* Task
Every record that follows is to be copied exactly, with the pictures omitted.

────────────────

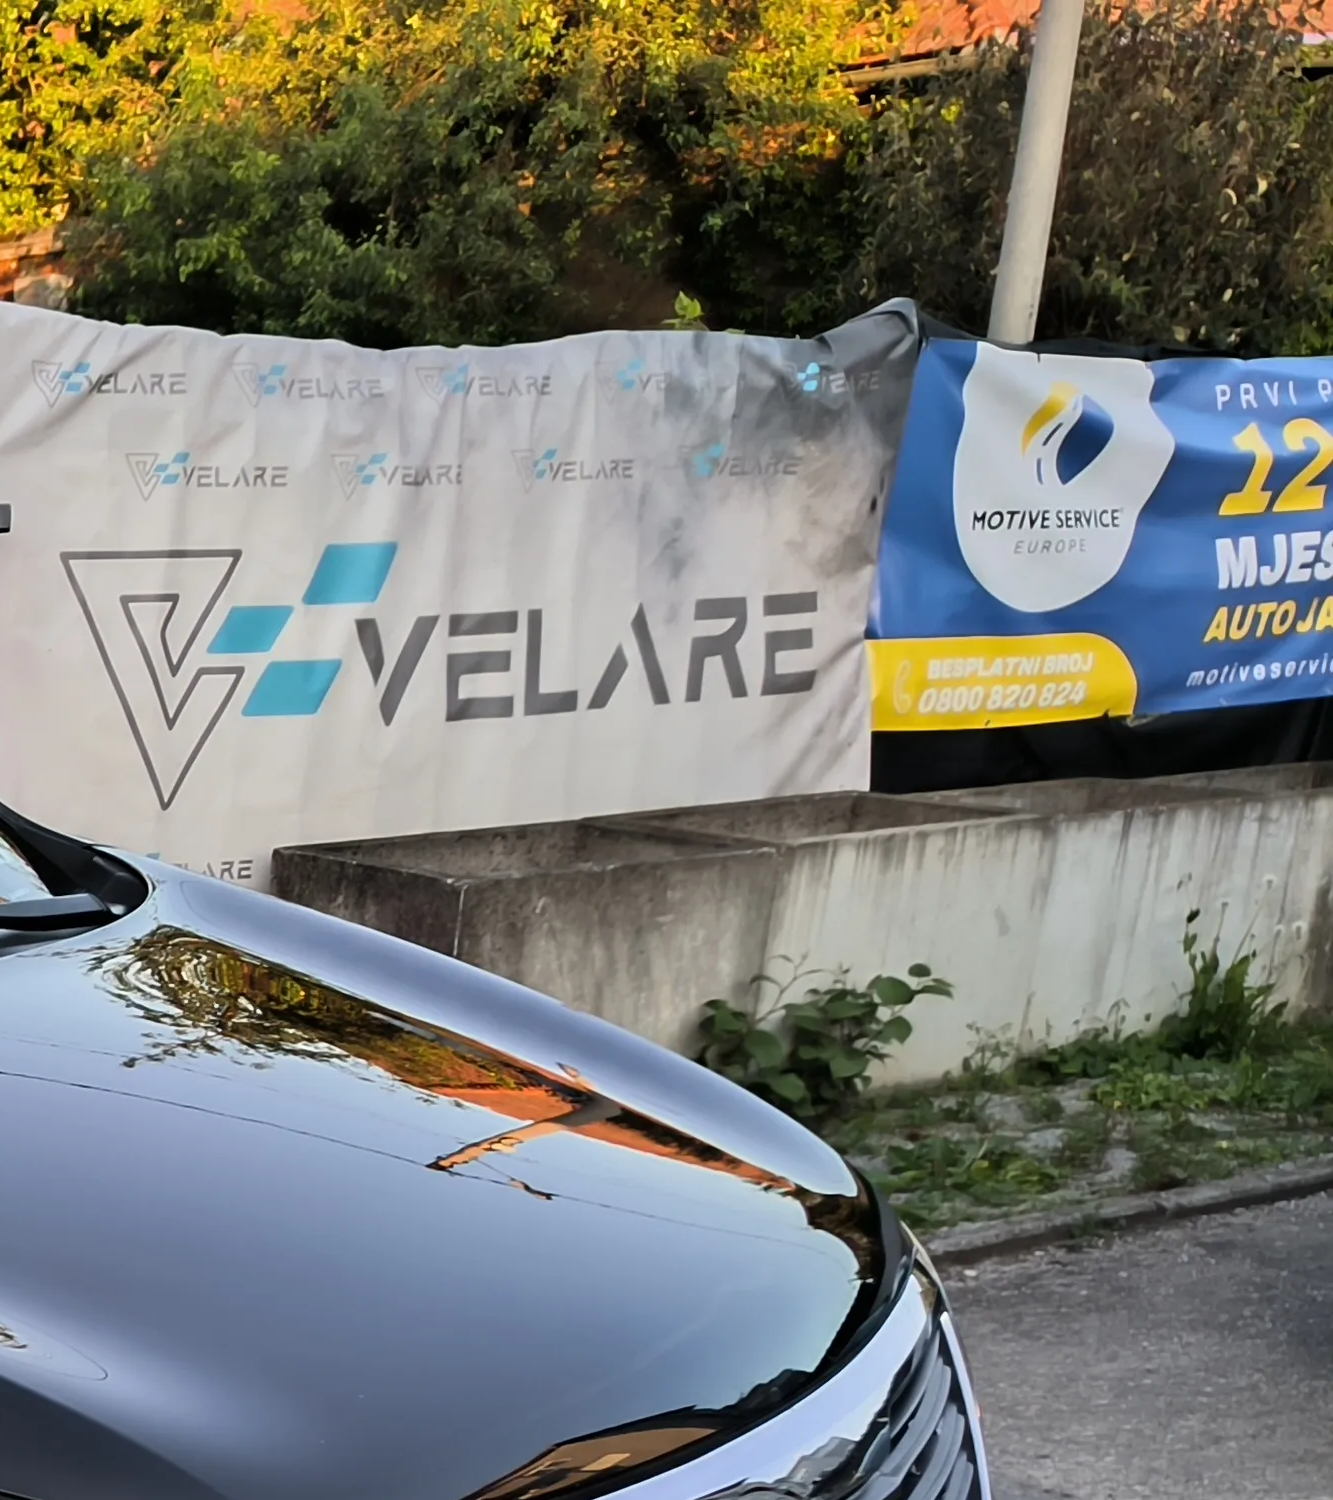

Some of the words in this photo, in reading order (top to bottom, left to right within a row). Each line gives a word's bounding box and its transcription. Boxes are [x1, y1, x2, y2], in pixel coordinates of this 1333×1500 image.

[86, 373, 188, 396] VELARE
[279, 377, 385, 401] VELARE
[465, 375, 553, 397] VELARE
[1215, 380, 1297, 411] PRVI
[182, 466, 289, 488] VELARE
[550, 459, 634, 483] VELARE
[1218, 417, 1333, 516] 12
[972, 509, 1051, 531] MOTIVE
[1055, 508, 1121, 530] SERVICE
[1013, 538, 1087, 555] EUROPE
[1203, 600, 1296, 643] AUTO
[354, 591, 819, 728] VELARE
[927, 656, 1041, 680] BESPLATNI
[1043, 652, 1094, 675] BROJ
[918, 686, 984, 714] 0800
[986, 683, 1037, 711] 820
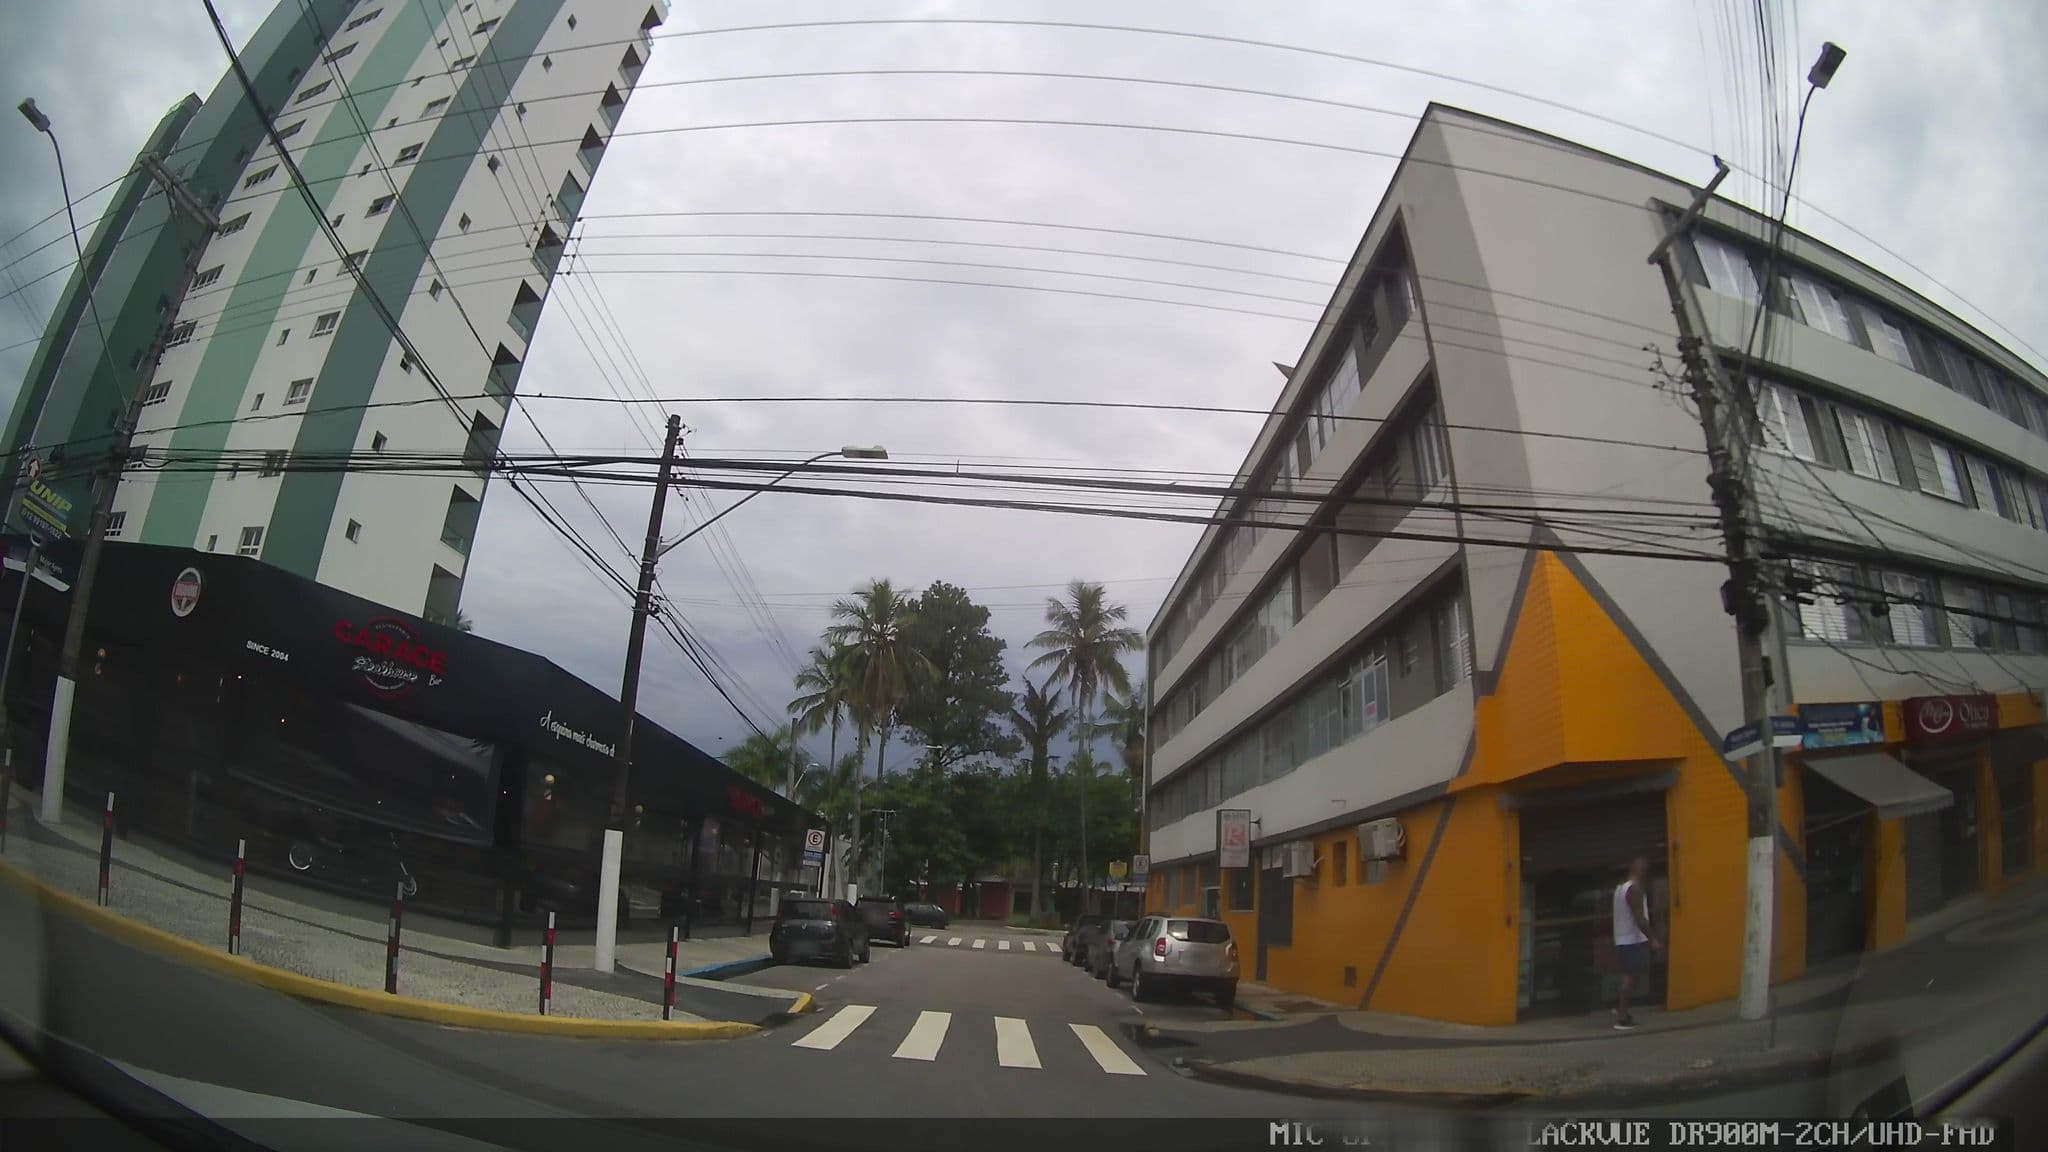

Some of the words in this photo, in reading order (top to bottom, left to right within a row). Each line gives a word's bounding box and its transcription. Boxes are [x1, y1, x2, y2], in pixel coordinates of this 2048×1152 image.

────────────────

* The answer
Some of the words in this photo, in reading order (top to bottom, left to right within a row). Each line gives a word's bounding box and its transcription. Boxes are [x1, y1, x2, y2], in pixel coordinates of this 1333×1500 image.

[86, 373, 188, 396] VELARE
[279, 377, 385, 401] VELARE
[465, 375, 553, 397] VELARE
[1215, 380, 1297, 411] PRVI
[182, 466, 289, 488] VELARE
[550, 459, 634, 483] VELARE
[1218, 417, 1333, 516] 12
[972, 509, 1051, 531] MOTIVE
[1055, 508, 1121, 530] SERVICE
[1013, 538, 1087, 555] EUROPE
[1203, 600, 1296, 643] AUTO
[354, 591, 819, 728] VELARE
[927, 656, 1041, 680] BESPLATNI
[1043, 652, 1094, 675] BROJ
[918, 686, 984, 714] 0800
[986, 683, 1037, 711] 820

Some of the words in this photo, in reading order (top to bottom, left to right within a row). Each line gives a word's bounding box and its transcription. Boxes are [x1, y1, x2, y2], in pixel coordinates of this 2048×1152 image.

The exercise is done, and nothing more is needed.